The olive is a fruit-bearing tree, which can be found in the Mediterranean region. Its fruit is known as "Black Gold", and it has been used for centuries.
The olive tree is a large evergreen tree that grows best in warm, dry areas with moderate rainfall. It can grow to up to 30 meters (100 feet) tall and have a trunk diameter of up to 1 meter (3 feet).
The olives fall from the trees in late October or November, depending on the location of the tree. The olives are picked by hand or by machine and stored in a cool place until they are ready for use.
Olives are a fruit that people love to eat. It is a fruit that is full of nutrients, especially antioxidants. They also have anti-inflammatory properties, as well as being loaded with vitamins and minerals. Olives are typically used in dishes such as tapenade, tapenade spread, and olive oil dip.
The main benefit of olive consumption is its high fiber content which helps the digestive system work better and cholesterol levels stay low. The high fiber content also helps to prevent constipation, which can be common among people who do not consume enough fiber in their diet. Olive oil contains monounsaturated fats, which have been linked to a reduced risk of heart disease and high cholesterol levels. Olive oil also contains antioxidants, which protect cells and fight the aging process. A study has shown that the Mediterranean diet helps to keep people with type 2 diabetes on their medications longer. A Mediterranean diet includes plenty of vegetables, fruits, beans, and whole-grain bread. The study found that people who ate a Mediterranean diet over a 12-year period were also more likely to have lower rates of heart disease and stroke.

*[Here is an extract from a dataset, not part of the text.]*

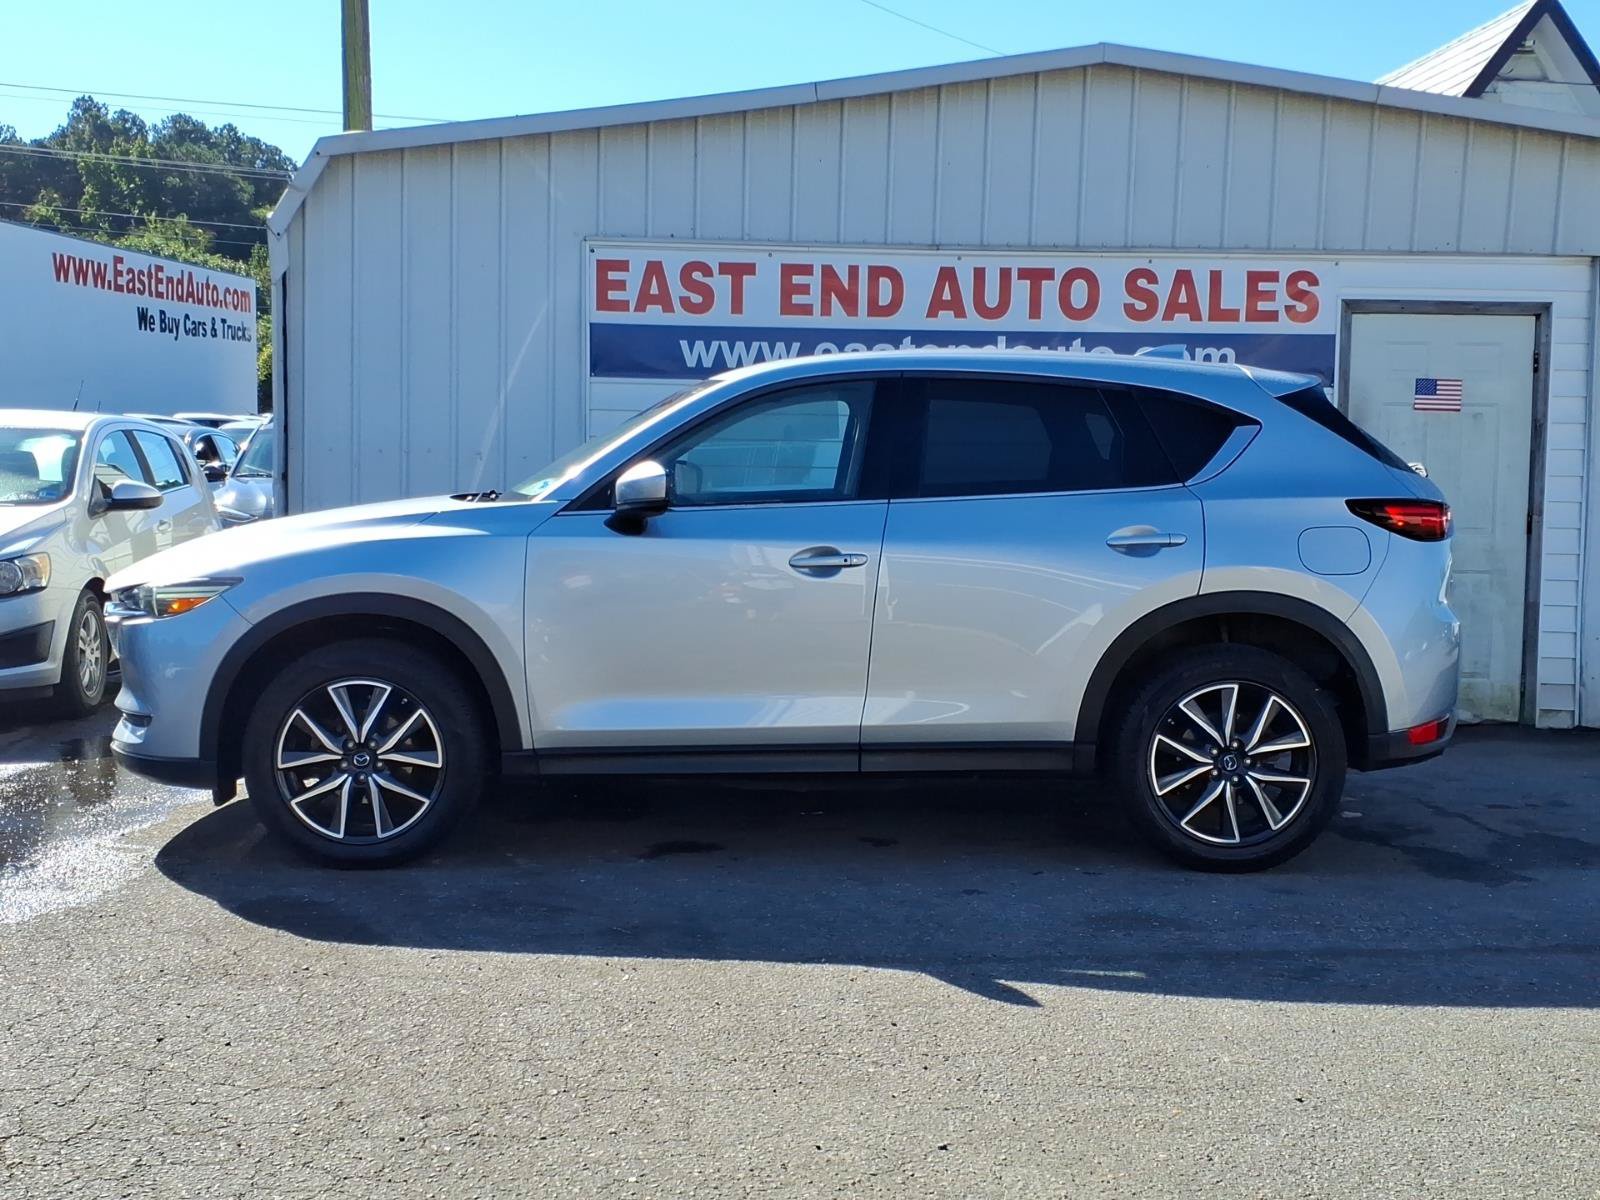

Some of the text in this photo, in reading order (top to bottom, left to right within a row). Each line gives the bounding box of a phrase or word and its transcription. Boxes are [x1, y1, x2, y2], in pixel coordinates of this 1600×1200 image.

When I eat pizza or make martinis in China, I think of fresh olives. Others are licorice olives in dry goods stores. When I go abroad, I find olives everywhere! The taste of olives is really unique, and the people named Olive are also very good, hahaha~ I will learn it in two parts for your reference
Olive overall classification
Olives are generally divided into green olives, Spanish olives, and black olives according to their maturity。
Unripe olives collected from trees in September-October, have a bitter taste, are not fully riped, and are usually pickled in water, oil, lye, or brine.

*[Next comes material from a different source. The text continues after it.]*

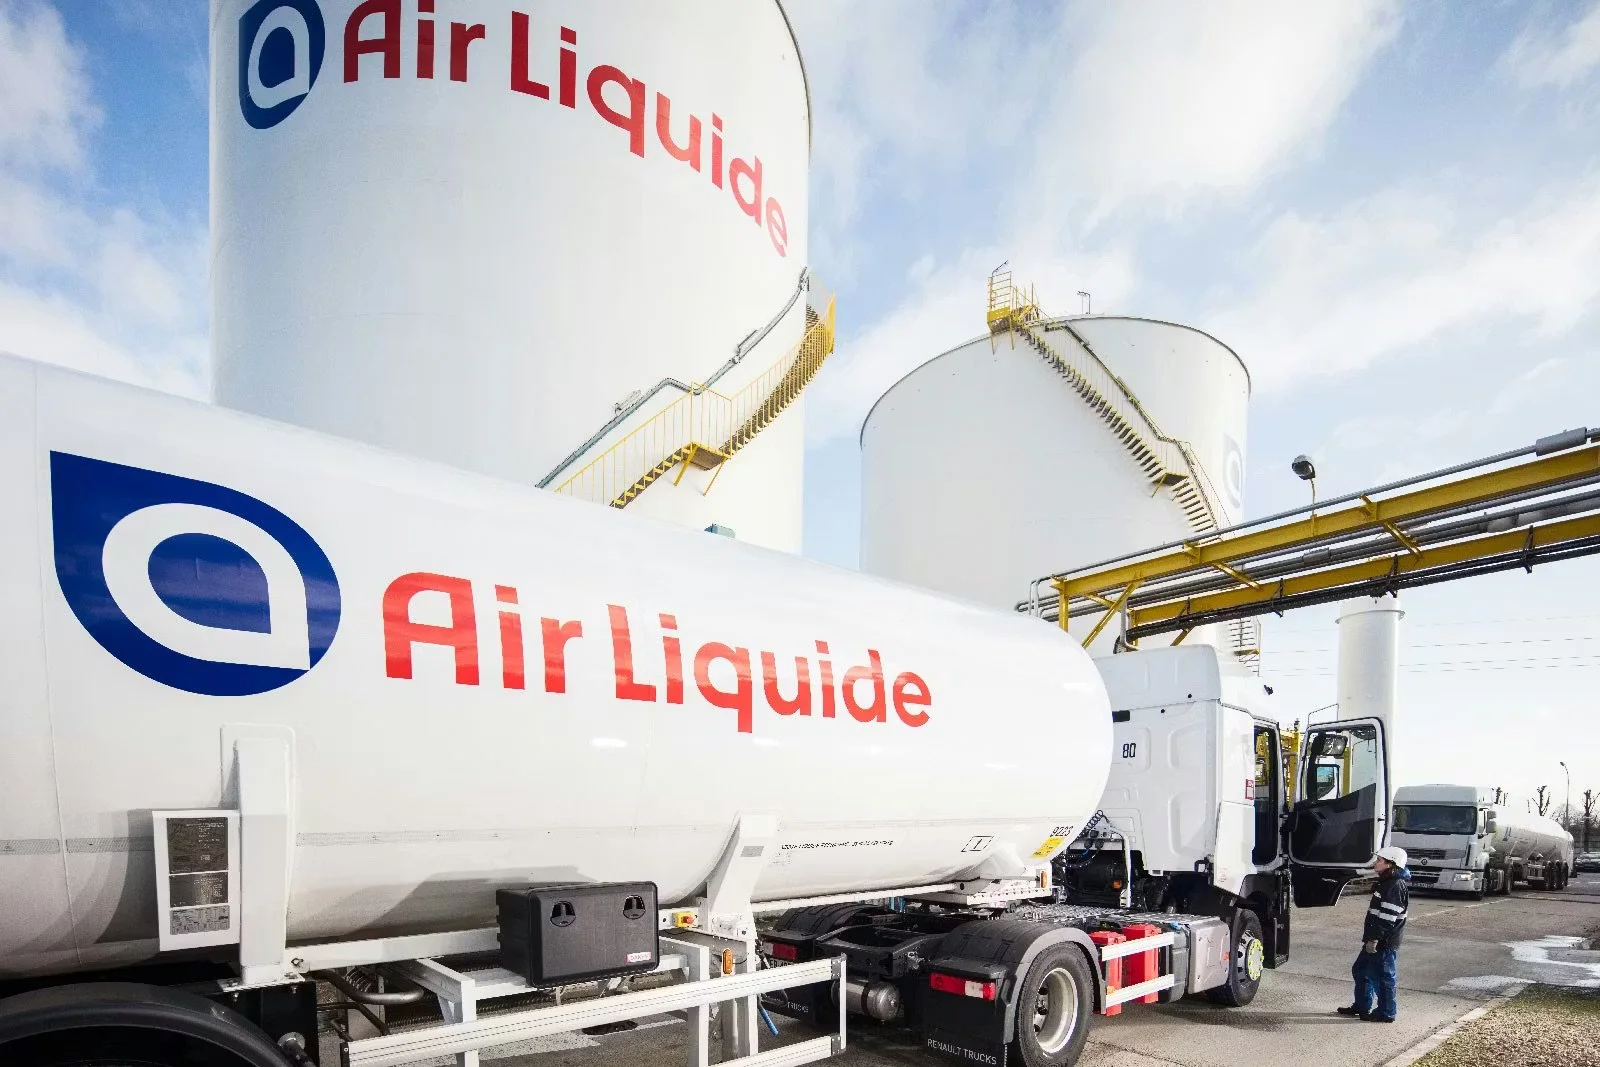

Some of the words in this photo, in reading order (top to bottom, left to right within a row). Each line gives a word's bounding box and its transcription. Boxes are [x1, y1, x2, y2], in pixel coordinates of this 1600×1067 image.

They are actually processed with oxygen and sold in cans as a "fully ripe" variety after the color turns dark purple in the late stages of the harvest season between November and January.
A plump, large-sized variety, usually green but may also be black or red, named after Cerignola in the Italian province of Apulia
Flavor: Mild flavor, crispy buttery texture
Good for: Serve with martinis and Bardolino wines; serve on cheese plates with Parmesan, crispbread, and salami; stuffed with cheese, anchovies, capers, and garlic.

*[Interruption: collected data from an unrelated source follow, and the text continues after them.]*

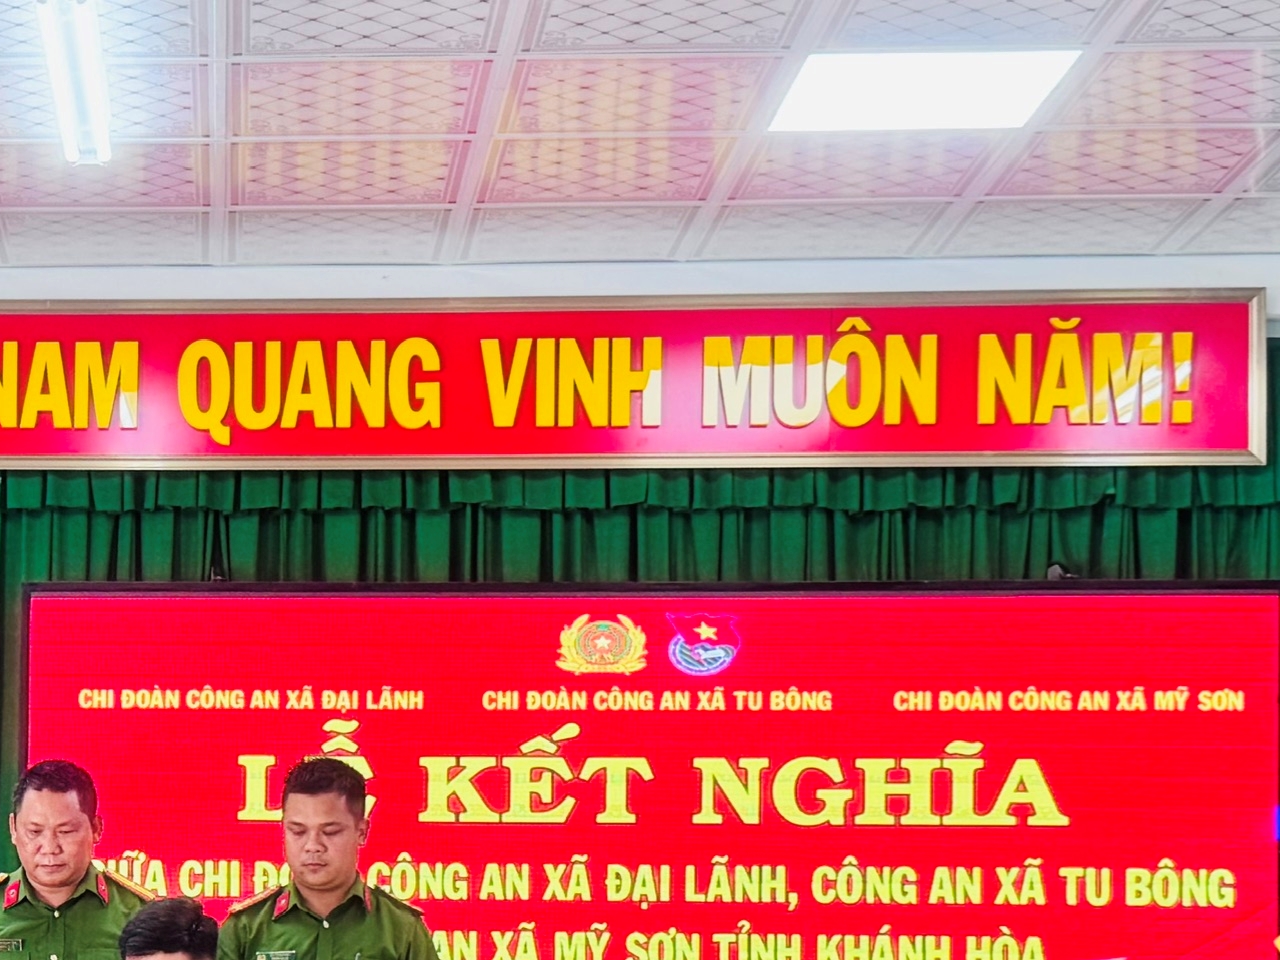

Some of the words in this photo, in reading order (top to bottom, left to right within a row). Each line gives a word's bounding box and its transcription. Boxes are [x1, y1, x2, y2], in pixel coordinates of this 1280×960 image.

[176, 336, 440, 447] QUANG
[480, 336, 663, 430] VINH
[702, 316, 939, 429] MUÔN
[976, 317, 1196, 427] NĂM!
[78, 688, 115, 710] CHI
[120, 685, 180, 710] ĐOÀN
[185, 684, 245, 710] CÔNG
[250, 689, 280, 710] AN
[285, 685, 314, 710] XÃ
[321, 689, 359, 714] ĐẠI
[366, 685, 424, 710] LÃNH
[482, 690, 519, 711] CHI
[526, 685, 588, 711] ĐOÀN
[593, 685, 654, 711] CÔNG
[659, 690, 691, 711] AN
[696, 686, 726, 711] XÃ
[732, 690, 763, 711] TU
[769, 686, 833, 711] BÔNG
[893, 690, 932, 711] CHI
[938, 686, 1003, 712] ĐOÀN
[1008, 685, 1073, 711] CÔNG
[1077, 690, 1110, 711] AN
[1115, 686, 1147, 711] XÃ
[1154, 685, 1190, 711] MỸ
[1197, 688, 1245, 712] SƠN
[418, 722, 655, 825] KẾT
[691, 740, 1071, 827] NGHĨA
[91, 849, 168, 897] ỮA
[179, 859, 242, 898] CHI
[367, 851, 469, 902] CÔNG
[479, 862, 530, 901] AN
[542, 853, 592, 902] XÃ
[604, 863, 671, 910] ĐẠI
[684, 855, 799, 911] LÃNH,
[811, 855, 918, 905] CÔNG
[928, 866, 982, 905] AN
[994, 857, 1046, 906] XÃ
[1058, 866, 1112, 907] TU
[1125, 857, 1236, 908] BÔNG

Small to medium-sized, torpedo-shaped green olives originating in the Gard region of southern France
Taste: Sour, Nutty, Crispy Texture
Good for: Adding flavor to seafood dishes, European appetizers or appetizers, stews, and risottos; pressing the oil.
Medium to large, oval green olives grown in Spain
Taste: Mild smoky mouthfeel, almond flavor, crisp texture
Good for: Often marinated in brine, served with crispy bread and cold Fino Sherry, added to appetizers.